Operator: [Operator Instructions]. And there are no questions at this time. And we do have a question from Allen Zwickler of First Manhattan.
Allen Zwickler: Just based on what we now know you've been talking about October is there any way that you can project the number of backlog or orders that you received for the no products?
Gary Quinn: So Alan how it's Gary Quinn. Nice to see you again or hear from you. So, actually the product we can available on October 17, there are some existing customers who are looking for the cloud capability that will participate in the beta program and approximately half a dozen of those customers already took the solution and moved it into production. So we have existing customers who are using the new version with the cloud connectors. We do not have a brand new customers since the release on October 17 till today for the FreeStor cloud version.
Allen Zwickler: And how does that translated into revenue to people that you were just referring to?
Gary Quinn: So anybody who is an existing free store customer in the subscription license or even our perpetual license which requires a true up on an annual basis. Those existing customers received the new version of the product and at their true up period, if there is additional capacity that has required to be licensed. They will pay us for that additional capacity, as well as their annual fee at that point in time.

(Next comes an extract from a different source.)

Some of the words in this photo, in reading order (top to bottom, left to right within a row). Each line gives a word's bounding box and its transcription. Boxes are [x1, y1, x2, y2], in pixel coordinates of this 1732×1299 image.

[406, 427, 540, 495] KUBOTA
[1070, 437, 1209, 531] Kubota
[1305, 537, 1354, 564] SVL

Allen Zwickler: Okay. And what is the run rate safe for the service side of your business, the legacy products if you want to breakdown your revenues in the quarter? I just don’t have the press release always I was intend [ph] for whatever reasons. Could you just take that out?

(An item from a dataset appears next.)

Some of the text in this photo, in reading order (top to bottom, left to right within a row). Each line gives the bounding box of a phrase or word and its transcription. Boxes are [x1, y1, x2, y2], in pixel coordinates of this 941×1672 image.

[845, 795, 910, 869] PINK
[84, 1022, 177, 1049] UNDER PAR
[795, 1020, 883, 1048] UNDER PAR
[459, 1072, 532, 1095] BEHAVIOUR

Gary Quinn: I think Dan on the one slide that you show that 38% of our business came from -- in the quarter, came from FreeStor and the rest came from our existing customers or our [technical difficulty] customers correct.
Dan Murale: Yes. From a booking side, yes. Revenue --.

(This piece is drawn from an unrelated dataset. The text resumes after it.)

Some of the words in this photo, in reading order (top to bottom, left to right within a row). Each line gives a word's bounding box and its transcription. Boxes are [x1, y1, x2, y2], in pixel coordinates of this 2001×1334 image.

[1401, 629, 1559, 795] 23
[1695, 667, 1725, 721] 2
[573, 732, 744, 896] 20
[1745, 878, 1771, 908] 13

Allen Zwickler: And how is that looking, is that going to -- at that rate would you on a GAAP basis be able to breakeven. I mean, have you given lay-offs that you’ve just put in place. What do you think your burn rate is or cash burn rate is?
Gary Quinn: So we made a necessary adjustments in Q3, some of that will flow through into Q4 and our anticipation next year, we’ll give you an update, after our Q4 results we’ll have a final outlook for 2017. But I think I could extrapolate that our goal, obviously is to become cash flow positive and non-GAAP positive. Even though our numbers are quite low. But we’ve been adjusting as rapidly as possible to the declining legacy customer installed based, well FreeStor grows. And obviously many of you just like us are wanting to be cash flow positive and non-GAAP positive and move to top-line along the way. So that would be our anticipation, but I think I’d have to really wait like the final results of Q4 and then basically give you an update after I finish Q4 and tell you what we think we can do on the next call.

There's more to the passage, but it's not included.